The foundation requires some terminology as well. This is probably where the Git manual pages fail the hardest. They just spray terminology—sometimes inconsistent terminology, although this has improved over time—all over the place. This has led to some pretty funny web pages. (I think a lot of introductions to Git shy away from terminology because the core foundation of Git lies in graph theory and hashing theory, and people find the mathematical aspect of those scary.)

Git itself makes things harder than necessary. A simple existence proof of that is Mercurial. Mercurial and Git are, at least in terms of what they do with source code, equally powerful—but those new to distributed source control have far fewer problems getting started in Mercurial than they do in Git. It's not 100% clear why that is, but I think there are two key things Mercurial does differently that produce this result:

  • In Mercurial, branches are global and permanent. This is very convenient for beginning work but, at least sometimes, proves to be a trap. Mercurial eventually added bookmarks that work like Git's branches.

  • Mercurial does not have the thing that Git calls the index.

These aren't the only things—Git has a lot of other, smaller annoyances as well that just aren't there in Mercurial—but I think they are the big two. For instance, the entire question of git reset doesn't occur in Mercurial because git reset (a) manipulates branch pointers—Mercurial has those bookmarks instead, if you choose to use them—and (b) manipulates the index that Mercurial doesn't even have.

My own answer: what's going on

Anyway, the key here is these three things. (Here comes some terminology!)

  1. In Git, a branch name is little more than a name-to-hash-ID mapping. What matters are the commits.

  2. A commit is a unique entity, identified by a unique hash ID like b5101f929789889c2e536d915698f58d5c5c6b7a, that stores—permanently1 and unchangably—a snapshot of files and some metadata, including the hash ID(s) of some other commit(s).

  3. The index is the area that Git actually uses to build new commits.


1Well, as permanent as the commit, anyway. Commits eventually go away if there's no way to find them. This is where branch names and graph theory come in—but we'll get to that later.


What to know about the index

Let's just start with this observation: when a commit stores a snapshot of all of your files, it keeps them in a compressed, read-only, Git-only storage form. They're sort of frozen or freeze-dried, as it were. No one can change them at all. That's fine for archival—saving old source code—but completely useless for getting any new work done.

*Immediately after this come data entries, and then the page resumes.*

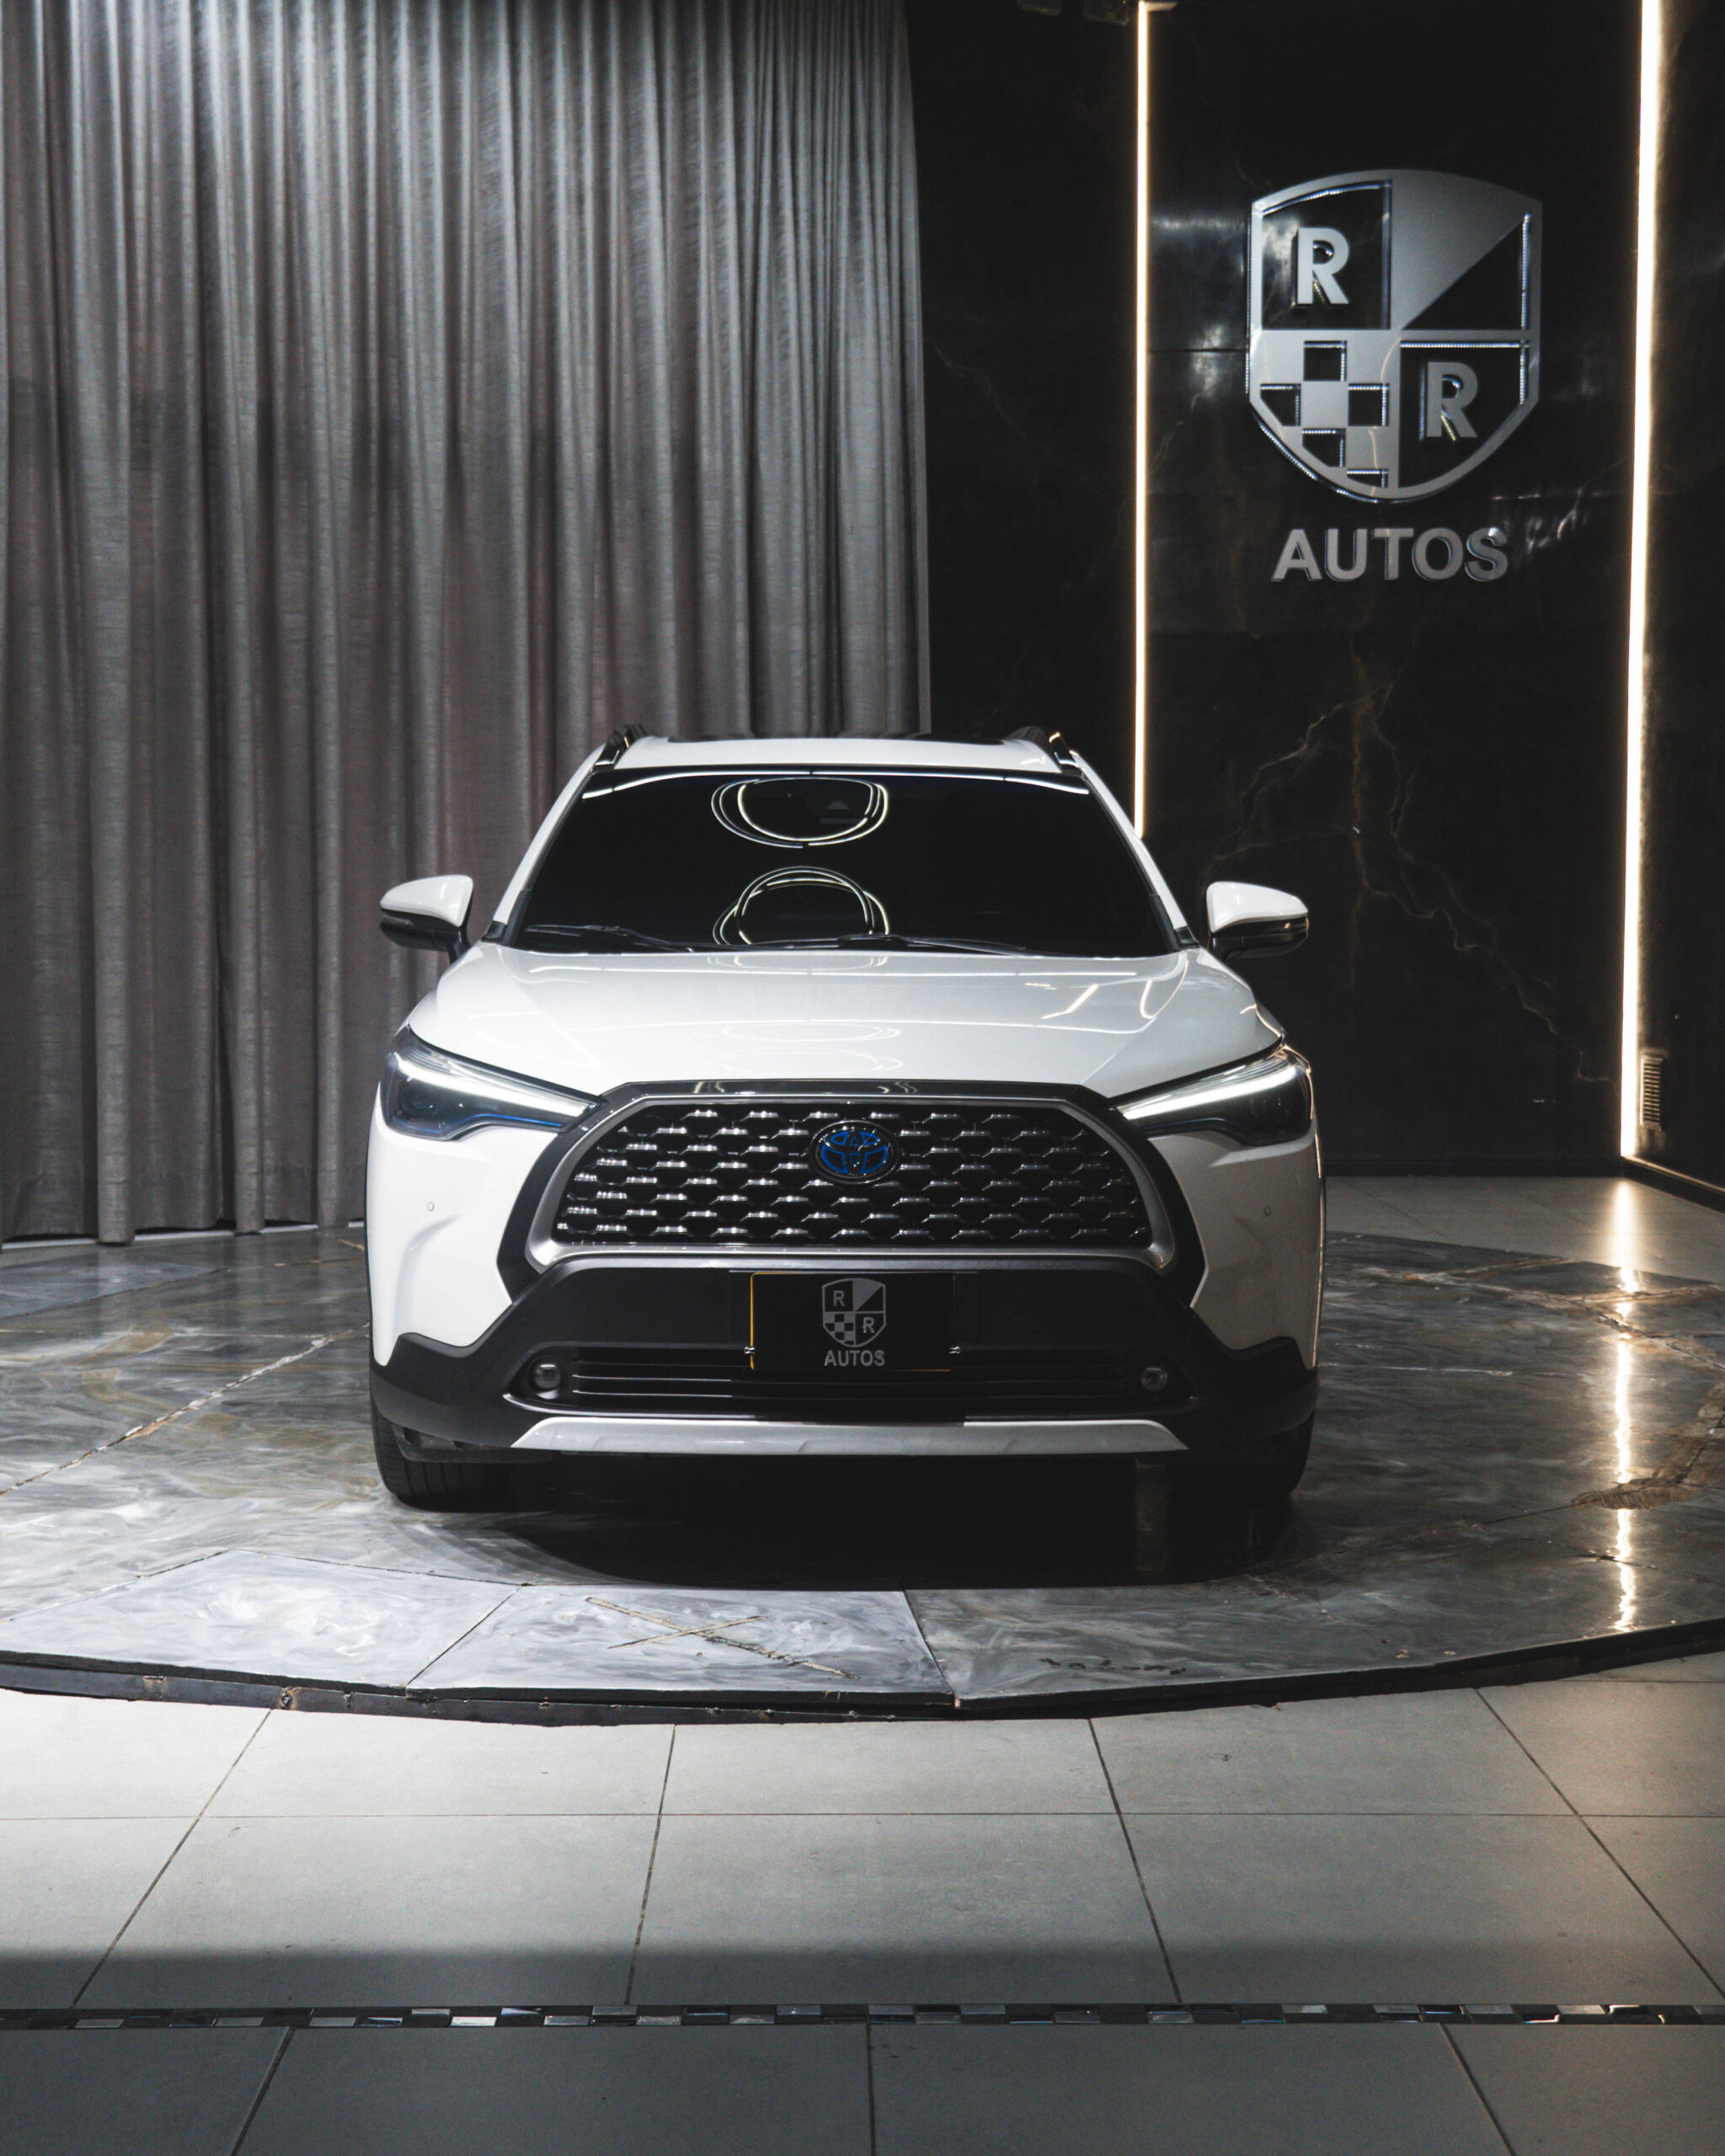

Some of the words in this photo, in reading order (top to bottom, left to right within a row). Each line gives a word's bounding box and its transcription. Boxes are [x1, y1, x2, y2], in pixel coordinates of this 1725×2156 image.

[1295, 227, 1349, 305] R
[1423, 361, 1478, 439] R
[1271, 527, 1509, 582] AUTOS
[833, 1290, 846, 1307] R
[862, 1316, 875, 1334] R
[824, 1349, 885, 1367] AUTOS

To get work done, you need a place where your files are unfrozen, rehydrated, readable and writable, in their normal everyday form. That place is what Git calls your work-tree. Git could stop here—frozen commits and flexible work-tree—and that's what Mercurial does and it works fine. But for whatever reason, Git adds this thing it calls the index, or sometimes the staging area, or even the cache. (The name used depends on who / what is doing the naming, but all three are the same thing. Also, the index itself is more complicated than I'll go into, but we don't need to worry about these complications here.)

What the index stores is Git-ified copies of files. They're not exactly frozen, but they are in the same format—the freeze-dried format, as it were. They're not useful to you; they're only useful to Git. Why it does this is debatable, but it does this, and you need to know about it. What it does with this is that the index is how Git makes new commits.

When you run:

git commit -m "this is a terrible log message"

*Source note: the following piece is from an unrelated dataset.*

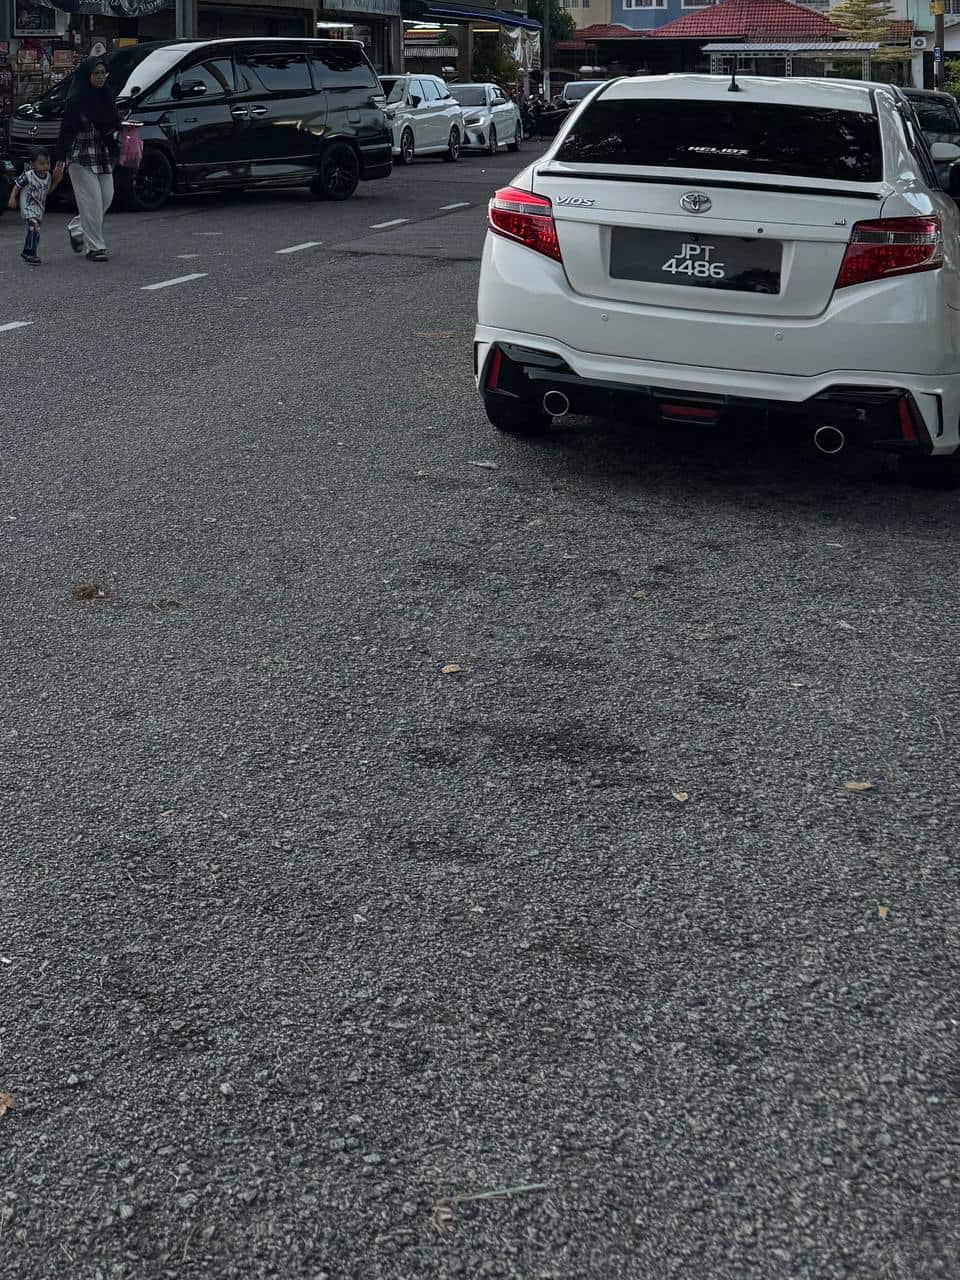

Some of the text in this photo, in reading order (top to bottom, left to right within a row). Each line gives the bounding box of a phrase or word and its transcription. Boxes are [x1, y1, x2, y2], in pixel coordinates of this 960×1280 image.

[555, 195, 595, 206] VIOS
[674, 243, 715, 261] JPT
[661, 258, 725, 279] 4486
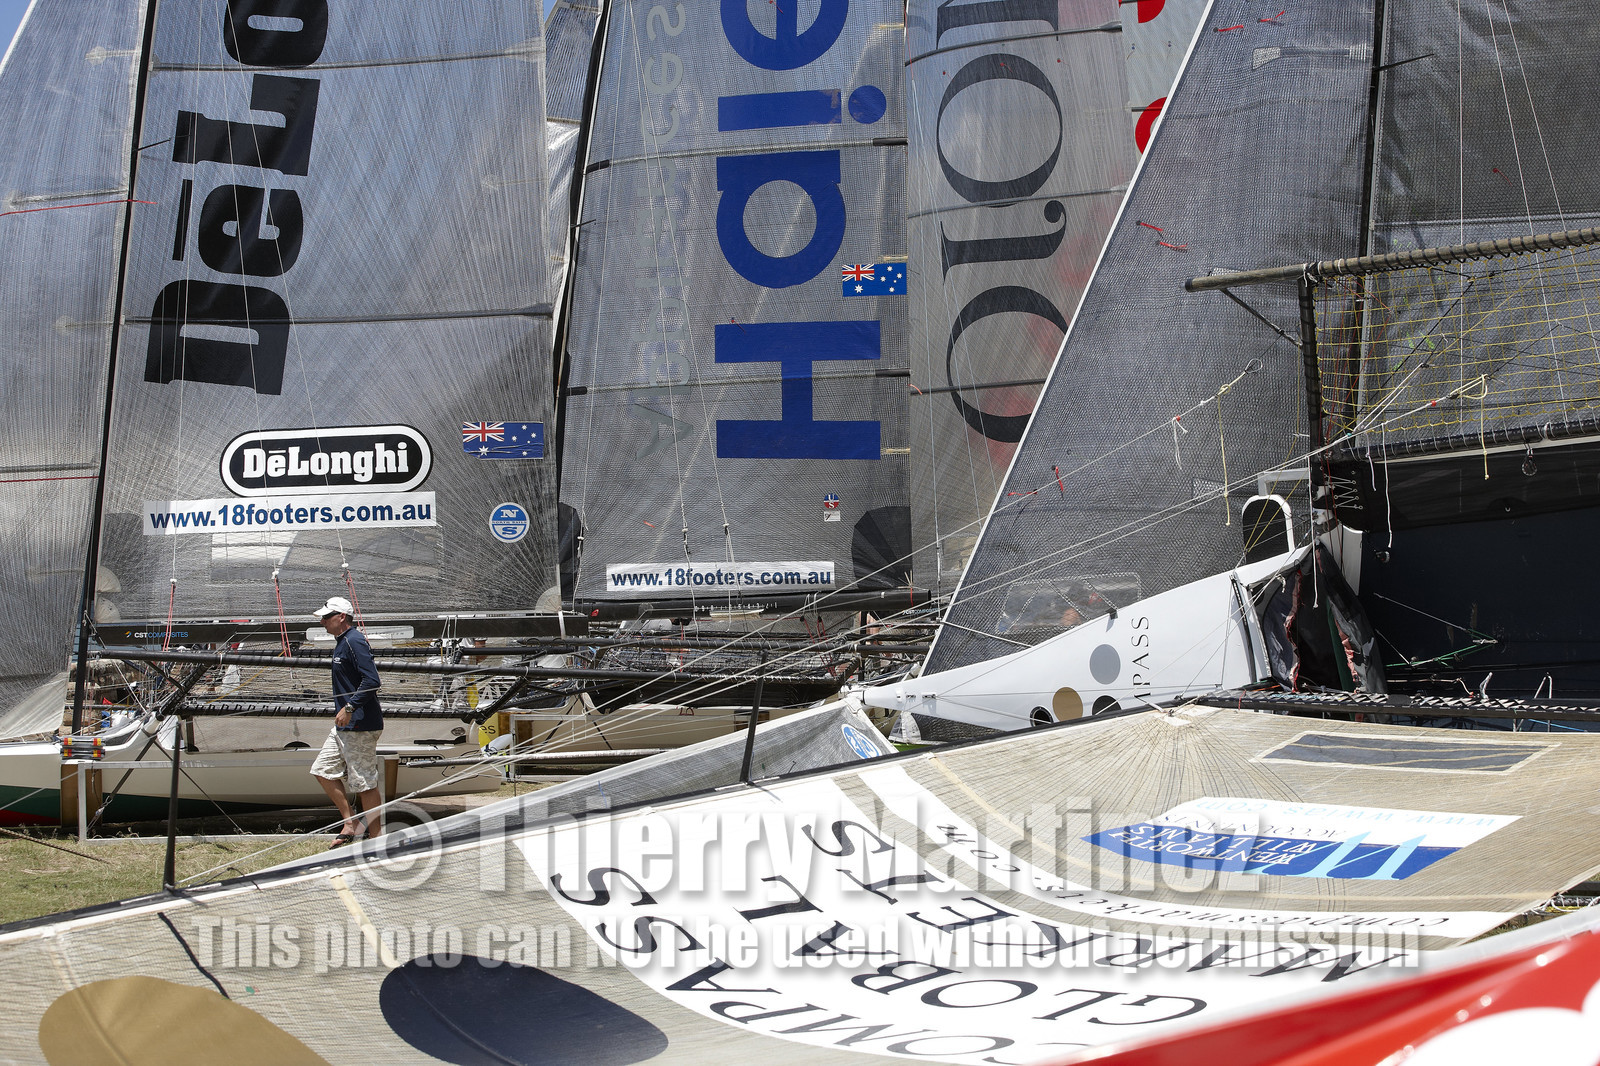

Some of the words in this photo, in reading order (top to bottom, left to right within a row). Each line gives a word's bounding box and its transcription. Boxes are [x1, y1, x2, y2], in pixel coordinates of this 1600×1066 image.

Git will package up whatever is in the index right now, along with your metadata—your name and email address and the log message and so on—and turn that into a new commit. The stuff in your work-tree, where you're doing your work, is entirely irrelevant! The fact that everything is already prepared—already freeze-dried, as it were—is what makes git commit so fast. Mercurial's hg commit, which commits what's in your work-tree, has to check every file in your work-tree to see if it's the same as the previous one or not, and if not, prepare the freeze-dried form for the commit. So in a big project you run hg commit and then go out for coffee or whatever.2 But with Git, if you change a file in the work-tree, Git makes you run:

git add file

every time. This copies the file—while freeze-drying or Git-ify-ing it—into the index.

Hence, the index always contains the next commit you're proposing to make. If you make some changes to the work-tree, and want them in your next commit, you have to explicitly copy them into the index before you run git commit. You can use git commit -a to have Git scan your work-tree and do the adds for you, making Git act the way Mercurial would if you were using Mercurial. That's certainly convenient and lets you not think about the index, or even pretend it's not there. But I think it's a bad plan because then git reset becomes inexplicable.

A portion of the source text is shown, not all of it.